My two previous posts discussed how to help employees who complain about interpersonal problems with their co-workers, addressing both some general principles and the GROW approach to coaching. This week, I conclude with a discussion of some of the challenges you are likely to face when coaching employees in this type of situation.
Challenge One: The employee will want you to solve the problem for them. The essence of coaching, however, is that the client (or “coachee”) has to own and at least attempt to resolve the problem himself or herself. Feel free to tell the employee this — most will understand the principle, however reluctantly. In addition, as noted in Part 2 of this series, when you work with the employee to set goals, be sure that they are something that the employee him or herself can accomplish.
Challenge Two: You will ask the employee a coaching question and get a blank stare in return. There’s an art to asking a good question — check out an earlier post of mine for some tips. Even the best questions, however, often result in a blank stare, or “I don’t know.” You’ll be tempted to leap in with your own hard-earned wisdom. Don’t. Instead, first try to let silence do the work for you. If the pause gets too long, you can then try to get the employee’s analytical juices going using prompts such as, “What’s the first thing that comes to your mind?” or “How did you feel when I asked you that question?”
Challenge Three. The employee will remain emotional and want to be vindicated. It’s important to acknowledge an employee’s feelings. At some point, however, you’ll want to tell the employee that he or she needs to approach the problem from a strategic and problem-solving standpoint, not an emotional one. You can tell the employee that if there is wrongdoing on the part of co-workers, you will address it, but you want to emphasize that often interpersonal problems are a result of differing perceptions and miscommunication, not intentional wrongdoing.

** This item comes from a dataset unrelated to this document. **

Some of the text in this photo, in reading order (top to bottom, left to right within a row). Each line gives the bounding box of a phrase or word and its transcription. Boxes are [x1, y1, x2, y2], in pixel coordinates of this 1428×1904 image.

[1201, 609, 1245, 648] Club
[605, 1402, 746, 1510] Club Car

Challenge Four: The employee continues to use the H-word. By this we mean, of course, the word “harassment.” As in, “He keeps harassing me no matter what I do.” Here you can try a couple of things. You can explain that the term “harassment” has a specific legal meaning not applicable to the situation (assuming it’s not) and is not helpful in solving the problem because it is an “emotion” word. You can also tell the employee that the word “harassment” is vague and he or she needs to describe what’s going on with much more specificity if the problem is going to be effectively addressed.
Challenge Five: The employee tries to avoid agreeing to specific action steps. Here you’ll just have to get pushy and help the employee come up with specific steps that will advance his or her goals and that are within his or her control. You’ll also want to use the motivational technique that’s part of the GROW method (On a scale of 1 to 10, how likely is it you will do this … ?)
These are just a few of the challenges that come to mind — coaching is not easy. But as I noted in my first post, it’s well worth the investment of time and effort. Have you had challenging coaching experiences? Do share them!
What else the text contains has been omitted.